What shooters gain in firepower they tend to lose in accuracy, Leonard said, because the constant rate of fire makes weapons harder to hold steady. Mix that in with high-capacity magazines and it increases the risk of bystanders being shot as part of someone else’s feud.
“Put bluntly, it’s spray and pray,” he said.
While machine gun conversion devices are illegal — the devices are classified federally as machine guns — Maryland does not criminalize their possession if they aren’t installed. In state courts, a person can be charged with possession of a rapid fire trigger activator or possession of a machine gun for an aggressive purpose. While still uncommon, those charges are being used more often as more switches are found.
In August, the Organized Crime Unit within the Maryland Attorney General’s Office indicted a group of people as part of an investigation into a Baltimore-area drug crew. That group, according to court records, used a luxury apartment at the Anthem House community in Locust Point as one of its stash houses.
When officers searched it in late July as part of a series of raids, they found, among other things, three handguns equipped with Glock switches, according to court records. Including the converted handguns, authorities seized more than two dozen firearms, body armor and more than 1,000 bullets from the Anthem House apartment, another luxury apartment downtown on Saratoga Street, and a storage unit in Baltimore County.
Indictments in that case list more than 170 counts for some individuals, including ones for possessing rapid fire trigger activators and machine guns.

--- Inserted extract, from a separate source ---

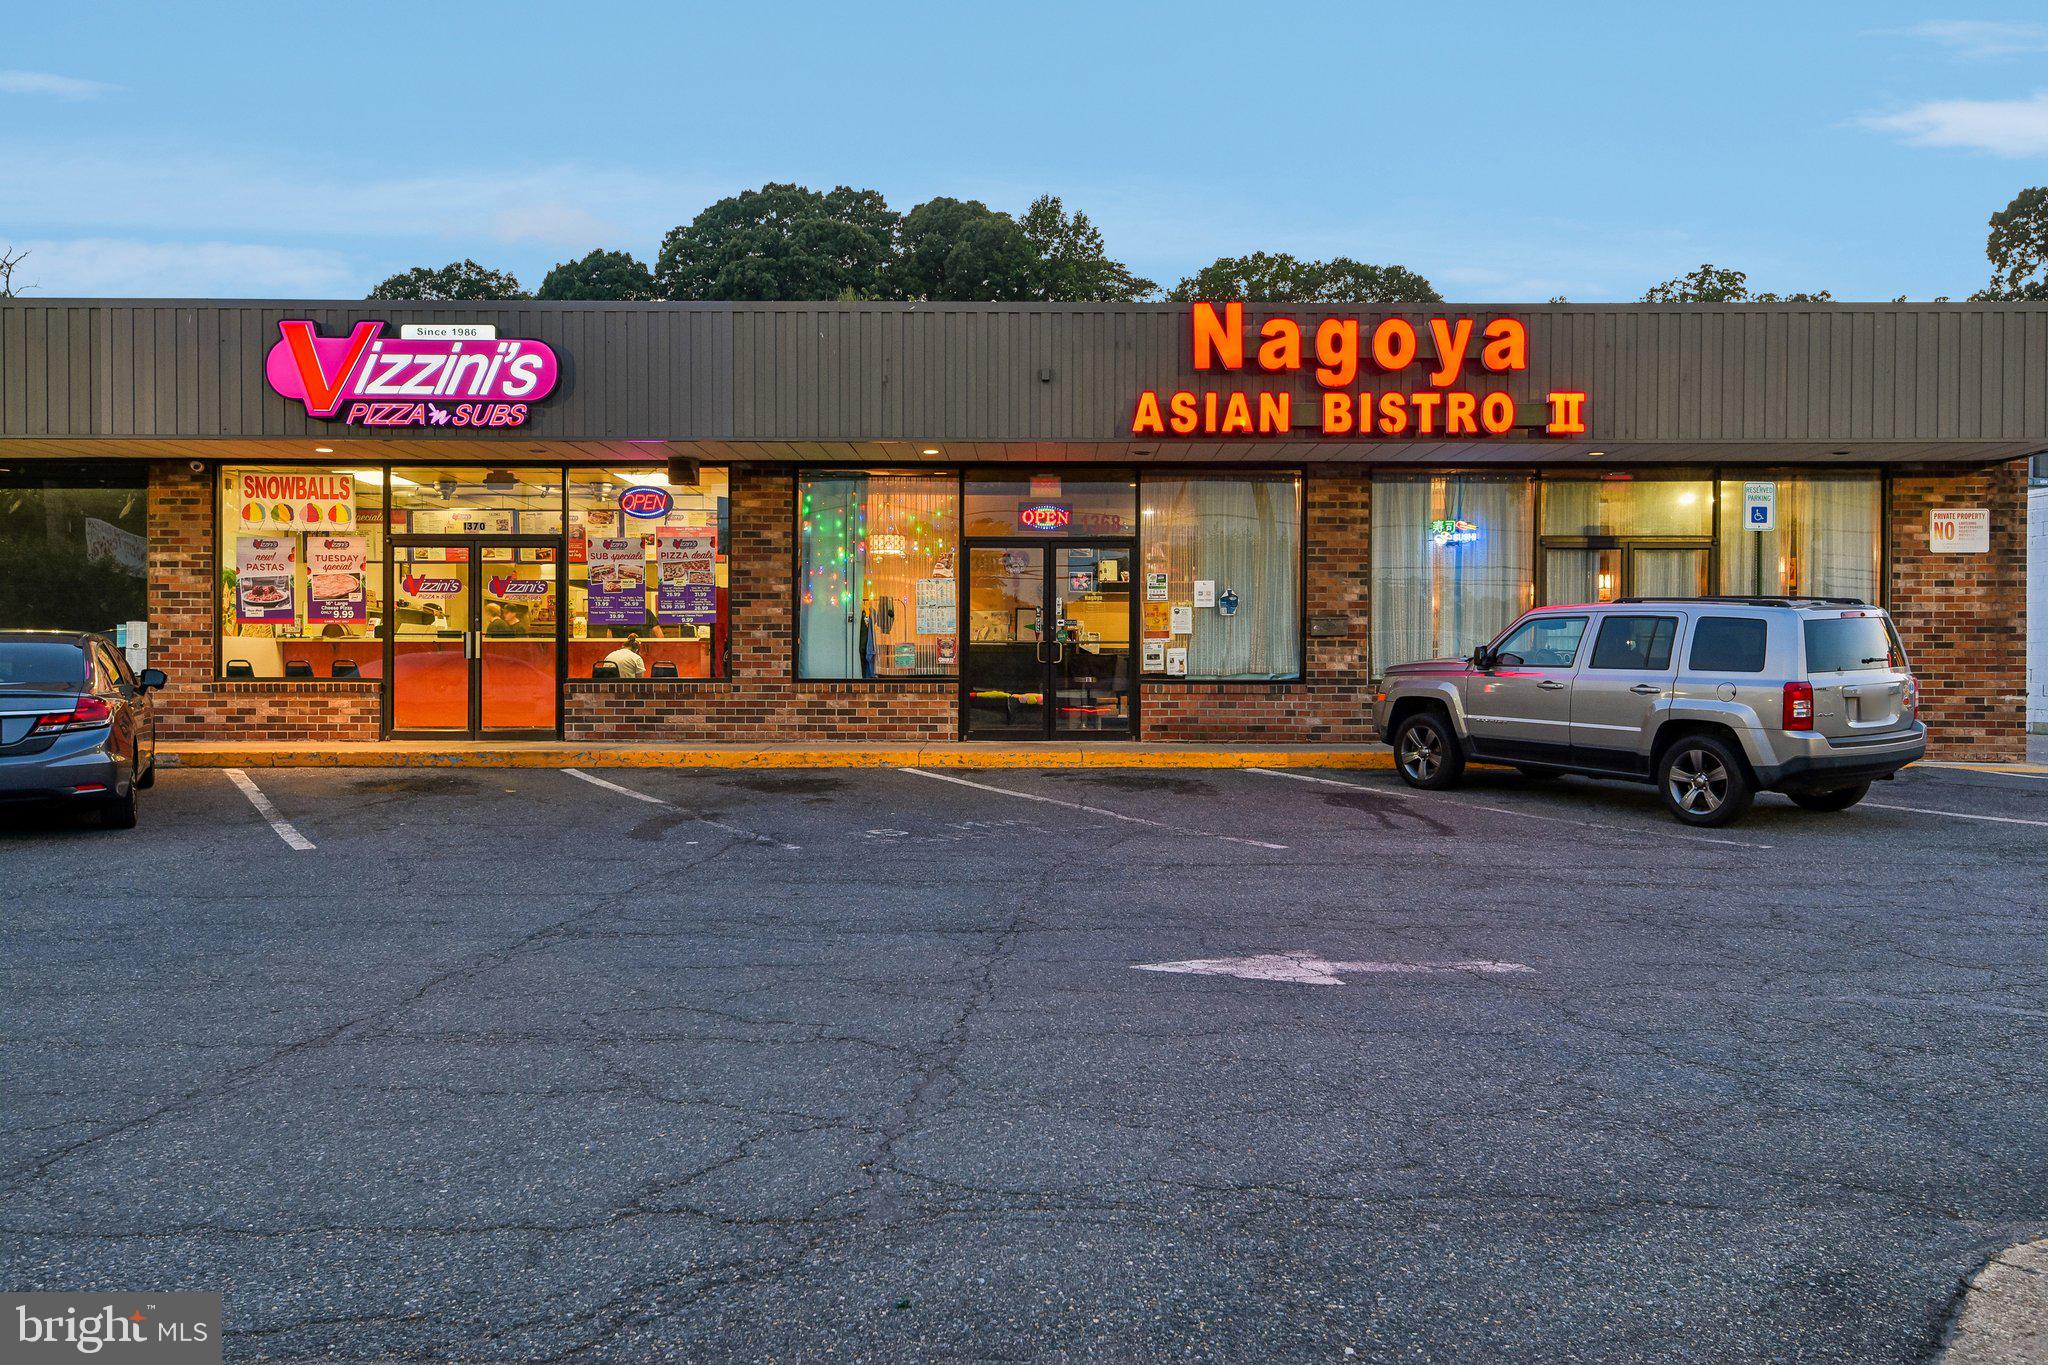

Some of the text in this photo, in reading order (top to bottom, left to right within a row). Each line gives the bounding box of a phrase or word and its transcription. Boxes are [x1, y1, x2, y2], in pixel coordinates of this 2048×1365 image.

Baltimore County Executive Johnny Olszewski Jr. and House Speaker Adrienne A. Jones, both Democrats, have taken notice of the dangers conversion devices pose and are supporting a bill to ban the production and possession of them in Maryland. Jones, whose district is in Baltimore County and who sponsors the bill, said the new law could serve as an additional tool for law enforcement. The bill passed out of committee on Friday, setting the measure up for a House vote.
“At the end of the day, automatic weapons have no place in our community,” Jones said at a Feb. 28 hearing.
Even if lawmakers pass a state ban on the devices, they aren’t necessarily going to be able to stop people from accessing the files to 3D-print them. That doesn’t mean lawmakers shouldn’t pursue that bill or others like it, said Cassandra Crifasi, co-director of the Johns Hopkins Center for Gun Violence Solutions and an assistant professor at the university.
Despite narratives to the contrary, policy, at least at the federal level, does work, Crifasi said. Congress has heavily regulated the sale of machine guns for nearly a century, after mobsters armed with them got into gun battles with cops during prohibition in the 1920s. The manufacture or importing of new machine guns for civilian use has been banned since 1986.
There are also strict regulations around the sale of suppressors, devices that muffle the sound of a gunshot. As a result, very few show up at crime scenes, Crifasi said.
Yet, 3D printing and other technological advancements threaten to change that.
“We’re not going to ban 3D printers” Crifasi, a gun owner who participates in pistol shooting competitions, said. “We need to do a better job of anticipating of where things will move next in terms of technology. We need to do a better job of raising the floor for everyone. States with strong gun laws are at the mercy of states with weaker gun laws around them.”